Os mistérios das Minas foram decantados pelo sensível ficcionista Guimarães Rosa. Quanto mais ele cresceu para o mundo mais se aprofundou na sua própria terra, conhecendo sua gente e seus campos ilimitados e Gerais.
“...Mas eu queria que a madrugada viesse. Dia quente, noite fria... eu dormia logo. Sonhava. Só sonho, mal ou bem, livrado. Eu tinha uma lua recolhida. Quando o dia quebrava as barras, eu escutava outros pássaros... Atrás e adiante de mim, por toda a parte, parecia que era um bem-te-vi só... - Gente! Não se acha até que ele é sempre um, em mesmo?... E permaneci duvidando que seria – que era um bem-te-vi, exato, perseguindo minha vida em vez, me acusando de más-horas que eu ainda não tinha procedido. Até hoje é assim...” (*1, p. 30).
Coisas de Minas, onde existe um jeito especial de perceber e se relacionar com o mundo. O detalhe pode ganhar importância vital e os grandes fatos vistos com certa despretensão. Depende do momento, da inspiração, do vento, da natureza em volta. Tudo é percebido na doce mistura de sensação e intuição.
Sim, o mineiro autêntico se aproxima do objeto para percebê-lo com os cinco sentidos. Em cada situação ele parece ver, tocar, ouvir, cheirar e degustar o objeto da sua (des)atenção. Depois ele se afasta calmamente e começa a apreciar à distância. Tudo isso pode ser muito rápido. Ou não, depende da ocasião. E assim ele faz uma avaliação mais geral, deixa fluir sua intuição e tenta perceber de onde veio tudo aquilo e qual é o seu destino.
Avaliação de mineiro é assim – é por inteiro, no total. E nem por isso ele vai gostar de dizer sua opinião. Essa é só dele, a princípio. E assim ele vai vivendo junto com a natureza, integrando-se com os seus detalhes.
E você já viu um mineiro jogando truco? Aí ocorre o refinamento das artes teatrais, mostrando as inversões mais absurdas. Daquela carinha de aparente necessidade de auxílio surge a jogada final surpreendente e vitoriosa. Assim o jogo vira festa, vale subir na cadeira e até na mesa, numa euforia gritante e desequilibrada.
Meu amigo Carmélio era mestre nessas pelejas. Se deixassem que ele embaralhasse as cartas, podendo vê-las enquanto as manuseava, saberia a ordem completa à medida que o jogo fosse transcorrendo. Como? Não sei. Era assim. Ele era pessoa simples, sem muitos estudos, dava aulas de sensibilidade e sintonia com o mundo. Estava à frente do seu tempo, adorava desafios, novidades e trabalho.
De vez em quando eu ia até sua fazenda para usufruir do bom papo e calor humano, tudo isso com a desculpa de uma rápida pescaria nas lagoas provisórias das águas do Rio das Mortes. Essa era a fazenda Santa Lúcia, orgulho da família. Mas de certa vez ficamos restritos ao interior da casa-sede até não mais poder, pois a chuva não dava trégua. Depois de algumas rodadas de truco, divertindo-se a valer, mesmo sem deixar isso muito claro, ele se entusiasmou: “- Pessoal, vamos fechar o jogo e preparar a rede. A chuva já está passando... a pescaria será muito boa!”
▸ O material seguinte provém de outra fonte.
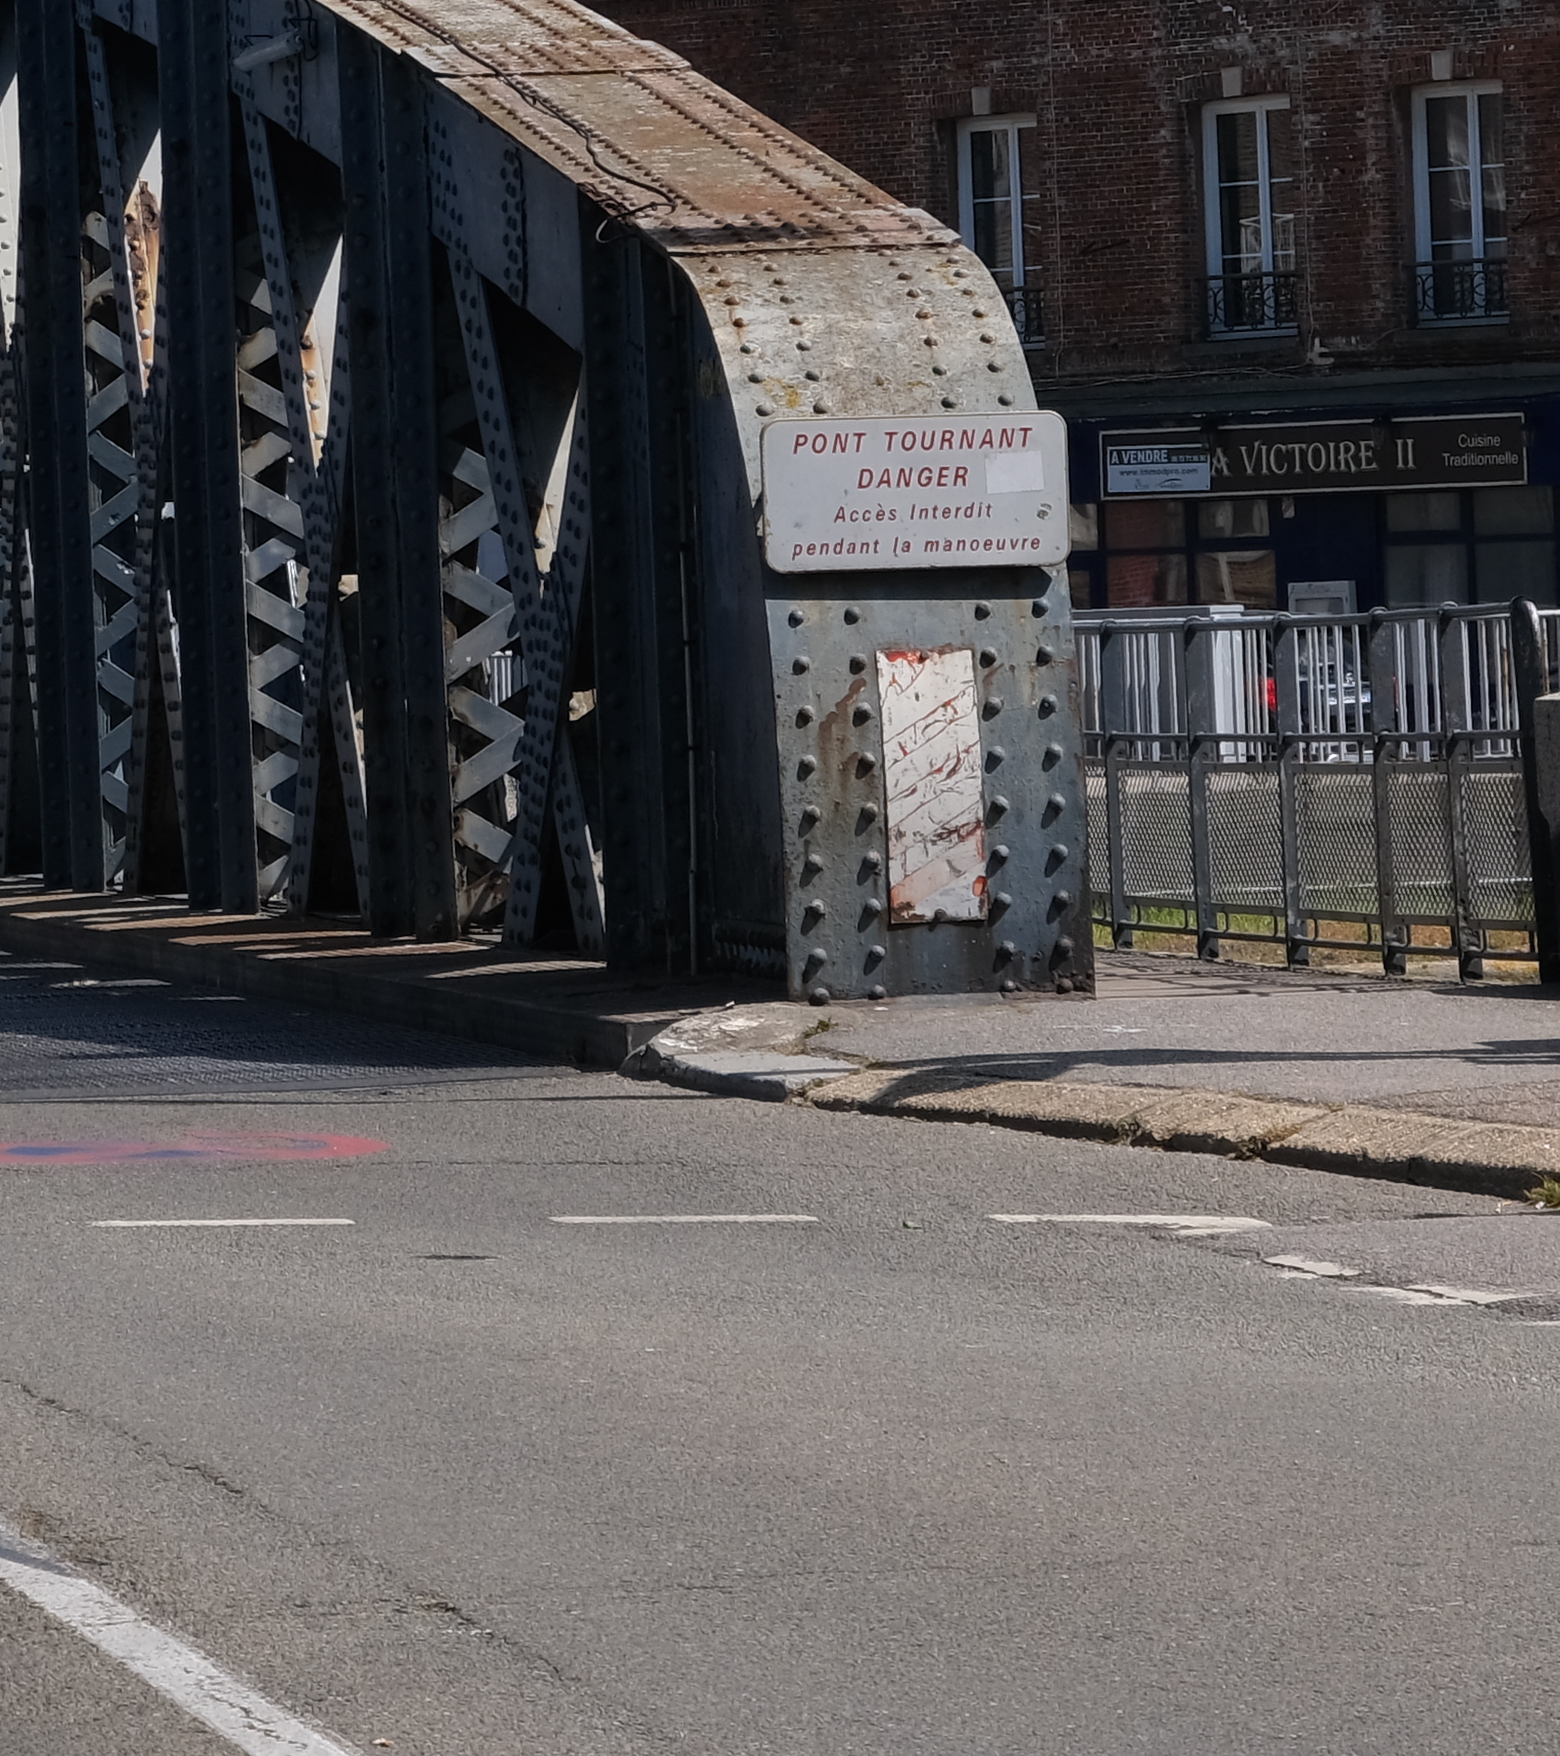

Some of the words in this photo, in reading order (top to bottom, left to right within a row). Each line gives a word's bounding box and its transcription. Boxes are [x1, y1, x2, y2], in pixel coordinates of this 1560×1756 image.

[792, 432, 867, 454] PONT
[884, 427, 1033, 452] TOURNANT
[1457, 433, 1502, 449] Cuisine
[1111, 450, 1120, 464] A
[1121, 449, 1169, 464] VENDRE
[1240, 439, 1378, 476] VICTOIRE
[1396, 438, 1416, 471] II
[1442, 451, 1519, 468] Traditionnelle
[857, 466, 970, 489] DANGER
[833, 503, 898, 524] Accès
[909, 501, 993, 521] Interdit
[791, 537, 880, 561] pendant
[892, 536, 911, 557] la
[923, 536, 1041, 555] manoeuvre
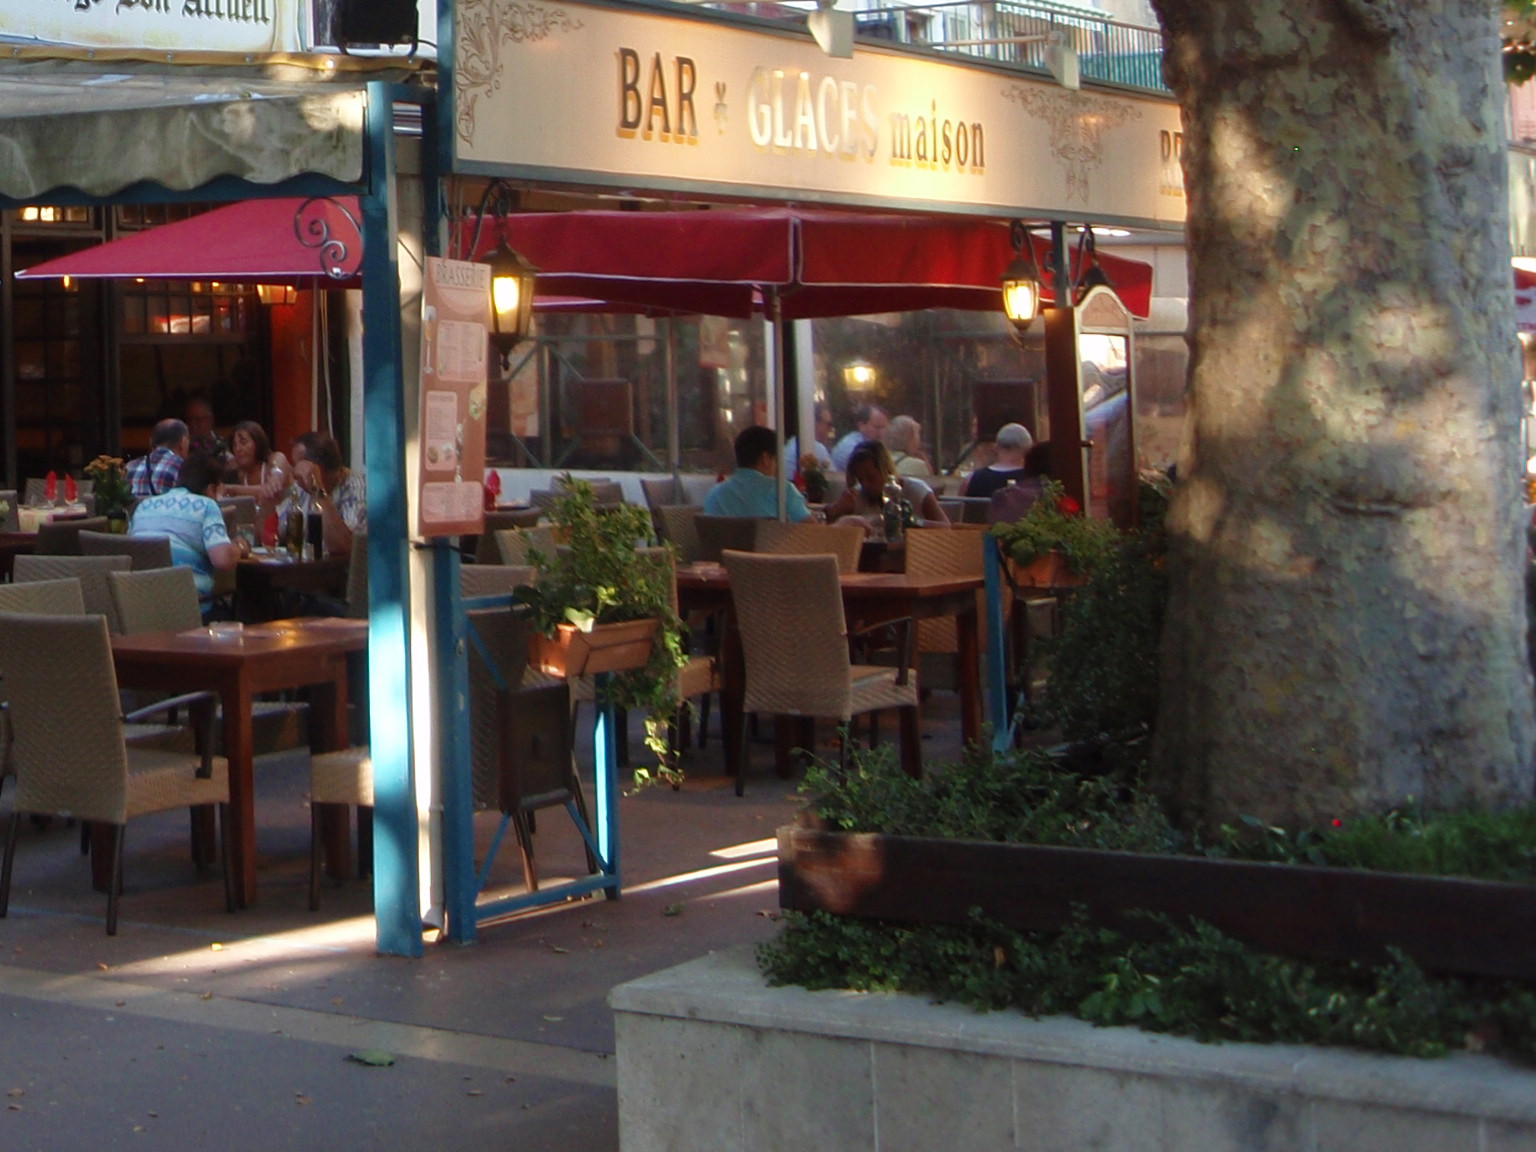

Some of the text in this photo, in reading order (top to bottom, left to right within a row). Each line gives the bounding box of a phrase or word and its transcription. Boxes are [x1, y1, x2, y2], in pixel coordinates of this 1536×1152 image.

[615, 46, 986, 172] BAR GLACES maison
[436, 262, 486, 290] BRASSERIE
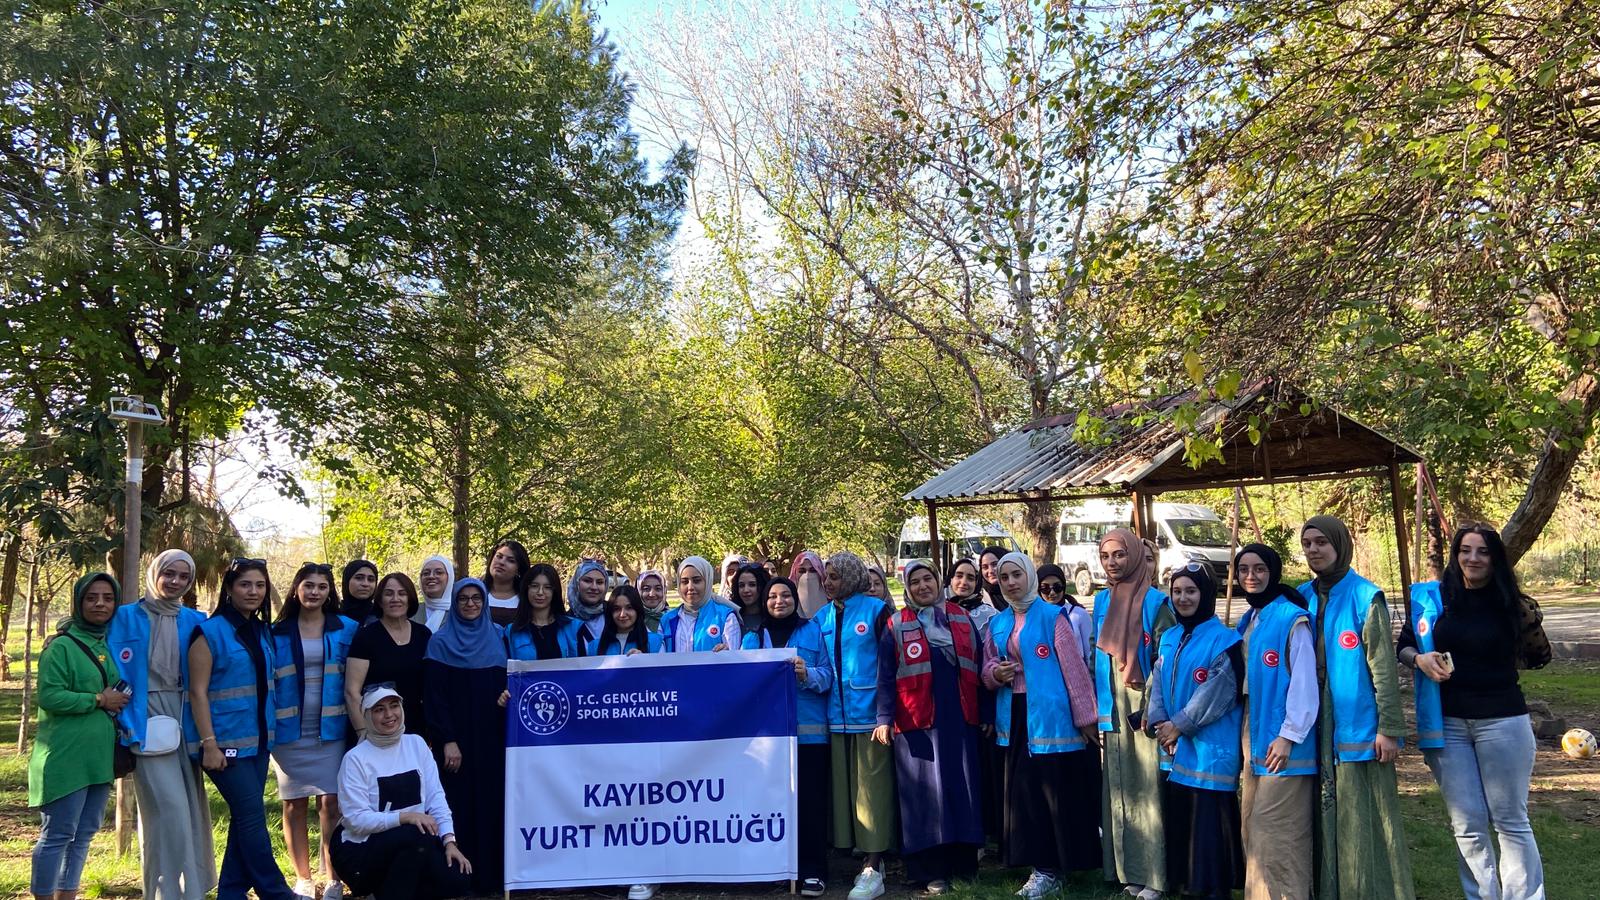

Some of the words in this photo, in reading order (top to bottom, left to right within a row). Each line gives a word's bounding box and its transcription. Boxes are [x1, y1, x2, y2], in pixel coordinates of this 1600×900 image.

A afirmativa categórica surpreendeu todo o grupo de amigos. Questionado, Carmélio perguntou se não ouvimos o canto do galo. Cada um vasculhou sua memória de curto e médio prazo e até nos cantos mais profundos. Alguns lembraram de ter ouvido a manifestação do rei do terreiro. E aí, o anfitrião, pescador e truqueiro, afirmou: “Se o galo canta desse jeito é porque a chuva está indo embora!”
Dez minutos após estávamos de saída, eufóricos para mais uma pescaria bem sucedida e plena de alegrias com o pesado troféu de lambaris, traíras, acarás e outros pequenos nadadores. E como bônus a mineirice da paisagem com coqueiros, rio, córrego, montanhas e os trilhos da “Maria-fumaça”, que cruzavam a região beira-rio da fazenda, onde se encontram os dois rios das Mortes: grande e pequeno. Um cenário encantador.
Muitos anos se passaram após essas marcantes vivências. O que fica registrado com mais energia na nossa memória é aquilo que toca nas profundezas do nosso ser e no nosso coração. Essas são as marcas que nos acompanham pelo resto da vida.
O prosseguir por vezes traz surpresas e ligações com o passado (e o futuro!). Vieram assim os estudos da Psicologia Analítica que mostram as ligações de tudo que é humano e universal. Muitos aspectos ligam todos os homens como se a humanidade fosse realmente uma só família. É encantador verificar os laços humanos na mitologia, artes, culturas, religiões, sonhos, folclore – tudo isso nos conduz ao mesmo rio na busca do mar comum a todos.
Jung encontrou forte componente histórico na Alquimia para ilustrar suas concepções sobre a Psicologia Analítica. É um estudo complexo e que mostra a sabedoria que esteve sempre disponível na história da humanidade, mostrando que a Psicologia Analítica tem seus paralelos e bases com o desenvolvimento do conhecimento do homem. Assim Jung valorizou imensamente o trabalho de Paracelso (1493-1541, médico, alquimista, físico e astrólogo) e cita algumas concepções (*2, p. 129-131):
A idéia das centelhas (scintillae) como sementes de luz que provinham do caos e da mente humana, estando assim presentes tanto no exterior como no interior de cada pessoa. Essa centelha de luz esclarece e ilumina o ser humano nos momentos difíceis e obscuros, ou seja, ele tem esse potencial criativo. E todas as coisas da natureza trazem, em níveis diferentes, essa centelha para a realização da vida. A sua percepção englobava a certeza de que tudo na natureza, incluindo os animais, tinham um certo “brilho” que dignificava sua própria existência.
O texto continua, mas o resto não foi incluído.